Cocoa Sugar aborde des thèmes plus personnels comme la recherche du bonheur, le rapport à la vie contemporaine tout en ne tournant pas le dos à l’injustice. Musicalement, le groupe se plonge plus à travers des expériences en pop expérimentales et utilise le gospel à profusion. Tout cela au plus grand plaisir de nos oreilles. C’est encore une fois fort réussi pour le trio écossais qui semble incapable de livrer un album ennuyant.
In my view, nothing’s ever given away
I believe to advance that you must pay
In my view, love will never come my way
So when I leave, you’ll be dancing on my graveI wanna be king until I am
– In My View
L’une des premières chansons à paraître de l’album, In My View, est une pièce au rythme contagieuse et au refrain fort efficace. C’est peut-être le plus « normal » qu’est capable d’être Young Fathers. Wow est aussi rythmée et compte sur des synthétiseurs très intéressants. Le discours y est beaucoup plus politique, étant une sorte de satire de notre condition à l’intérieur de la société. À un temps où le danger de mort est aussi peu présent, où l’information roule à une vitesse effarante, ce chant qui s’exclame « wow! » avec une voix apathique est à point.

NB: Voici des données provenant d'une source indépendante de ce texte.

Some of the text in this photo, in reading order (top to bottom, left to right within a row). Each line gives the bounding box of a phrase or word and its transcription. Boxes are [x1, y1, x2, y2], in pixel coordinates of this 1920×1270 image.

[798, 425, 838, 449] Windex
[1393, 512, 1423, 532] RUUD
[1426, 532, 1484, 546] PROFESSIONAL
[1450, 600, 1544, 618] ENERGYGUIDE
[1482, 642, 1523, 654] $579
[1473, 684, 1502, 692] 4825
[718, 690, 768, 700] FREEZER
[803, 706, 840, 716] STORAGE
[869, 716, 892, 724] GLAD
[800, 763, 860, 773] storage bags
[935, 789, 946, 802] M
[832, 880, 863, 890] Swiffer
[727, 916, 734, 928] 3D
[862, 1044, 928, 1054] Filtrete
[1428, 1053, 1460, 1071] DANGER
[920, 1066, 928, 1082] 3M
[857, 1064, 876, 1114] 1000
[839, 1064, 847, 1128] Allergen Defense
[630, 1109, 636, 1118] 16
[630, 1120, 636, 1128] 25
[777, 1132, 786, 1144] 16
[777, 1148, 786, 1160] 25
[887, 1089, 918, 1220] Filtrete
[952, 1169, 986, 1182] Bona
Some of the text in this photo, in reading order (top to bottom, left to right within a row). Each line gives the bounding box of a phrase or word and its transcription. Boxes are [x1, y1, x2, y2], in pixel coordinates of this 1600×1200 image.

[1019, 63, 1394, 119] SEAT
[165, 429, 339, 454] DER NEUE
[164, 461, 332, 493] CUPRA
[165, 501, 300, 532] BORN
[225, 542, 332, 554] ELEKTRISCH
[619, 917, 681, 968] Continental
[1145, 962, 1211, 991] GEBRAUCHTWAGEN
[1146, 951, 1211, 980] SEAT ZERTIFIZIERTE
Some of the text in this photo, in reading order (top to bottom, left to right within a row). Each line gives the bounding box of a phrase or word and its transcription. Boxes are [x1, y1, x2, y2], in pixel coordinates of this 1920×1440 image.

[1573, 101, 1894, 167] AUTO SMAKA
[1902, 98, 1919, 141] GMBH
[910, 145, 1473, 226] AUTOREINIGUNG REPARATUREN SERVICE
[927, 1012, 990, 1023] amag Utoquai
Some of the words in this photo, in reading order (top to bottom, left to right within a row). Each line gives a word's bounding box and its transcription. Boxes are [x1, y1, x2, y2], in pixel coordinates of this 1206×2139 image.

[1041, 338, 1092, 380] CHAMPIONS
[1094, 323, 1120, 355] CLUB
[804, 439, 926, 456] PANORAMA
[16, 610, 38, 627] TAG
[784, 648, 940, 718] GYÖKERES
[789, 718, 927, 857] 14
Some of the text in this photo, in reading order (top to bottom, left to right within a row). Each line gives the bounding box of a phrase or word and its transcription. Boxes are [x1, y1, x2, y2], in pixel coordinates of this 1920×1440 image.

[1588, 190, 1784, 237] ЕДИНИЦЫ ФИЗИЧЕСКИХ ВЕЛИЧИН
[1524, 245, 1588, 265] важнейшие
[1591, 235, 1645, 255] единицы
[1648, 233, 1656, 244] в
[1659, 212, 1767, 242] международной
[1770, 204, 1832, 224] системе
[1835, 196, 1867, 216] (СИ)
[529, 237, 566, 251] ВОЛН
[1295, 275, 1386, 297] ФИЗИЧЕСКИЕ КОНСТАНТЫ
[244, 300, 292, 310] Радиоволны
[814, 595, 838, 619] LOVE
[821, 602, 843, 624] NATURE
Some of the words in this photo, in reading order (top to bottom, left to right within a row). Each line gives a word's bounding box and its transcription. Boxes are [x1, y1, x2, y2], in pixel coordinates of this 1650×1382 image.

C’est une exclamation réjouissante sur le lithium fort réussi.
L’utilisation du gospel est particulièrement intéressante sur Cocoa Sugar. Parsemée dans les créations, elle est concentrée sur la chanson Lord. Une sorte de balade mélancolique qui se déploie en beauté avec un propos très pessimiste.
It’s too late, too late
I won’t see you later
If you fade, I’ll fade
Fading together
Love is blind– Lord
Tremolo est aussi réussie avec sa mélodie efficace, sa trame lo-fi et son groove qui oscille entre le R&B, le rap et la pop. Border Girl est un chant en chœur avec une drôle d’approche qui ne semble pas tout à fait catholique. Ça semble une critique peu masquée de ceux qui profitent des réfugiées qui sont dans un état de vulnérabilité. Le tout en utilisant encore une fois le gospel comme véhicule premier. Toy est aussi une composition fort réussie et entraînante qui sera efficace en concert.
C’est un autre album réussi pour Young Fathers qui n’a pas encore déçu dans leur jeune carrière. Chaque sortie est intéressante pour des raisons qui lui sont propres. Cocoa Sugar ne ressemble pas beaucoup aux deux précédents et c’est parfait comme ça. Young Fathers continue d’explorer pour notre plus grand plaisir.